┌─ EXERCISE INPUT

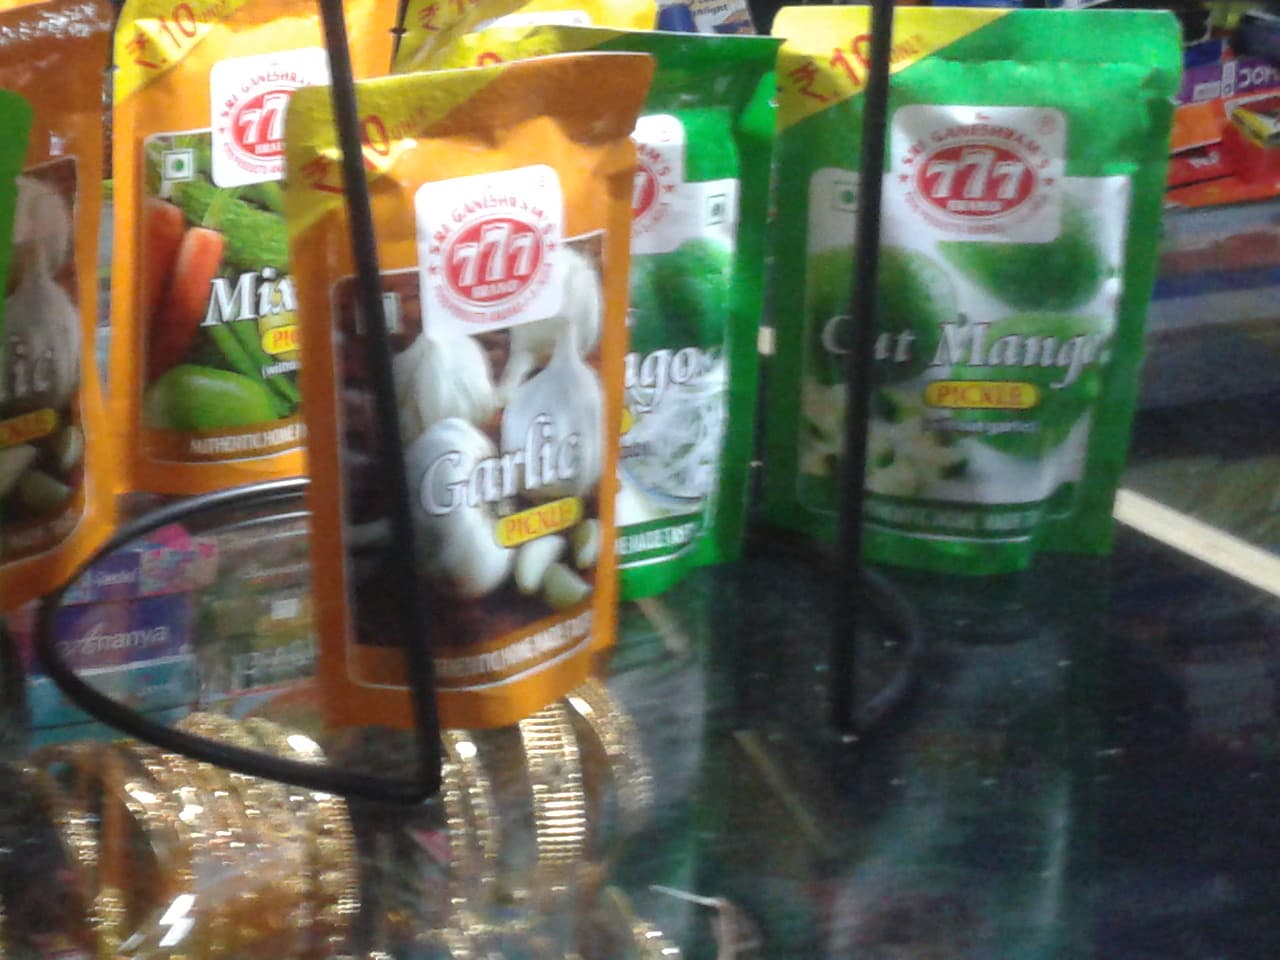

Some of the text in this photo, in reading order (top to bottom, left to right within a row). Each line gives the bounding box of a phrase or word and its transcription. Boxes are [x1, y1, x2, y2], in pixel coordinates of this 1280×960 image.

[157, 2, 197, 49] 10
[238, 92, 290, 145] 77
[925, 148, 1026, 200] 777
[453, 221, 536, 289] 777
[420, 412, 580, 517] Garlic

└─

* **AIM OF THE TASK**:
Before printing anything, remove the pictures; then print all the records exactly.

* **TASK SOLUTION**:
Some of the text in this photo, in reading order (top to bottom, left to right within a row). Each line gives the bounding box of a phrase or word and its transcription. Boxes are [x1, y1, x2, y2], in pixel coordinates of this 1280×960 image.

[157, 2, 197, 49] 10
[238, 92, 290, 145] 77
[925, 148, 1026, 200] 777
[453, 221, 536, 289] 777
[420, 412, 580, 517] Garlic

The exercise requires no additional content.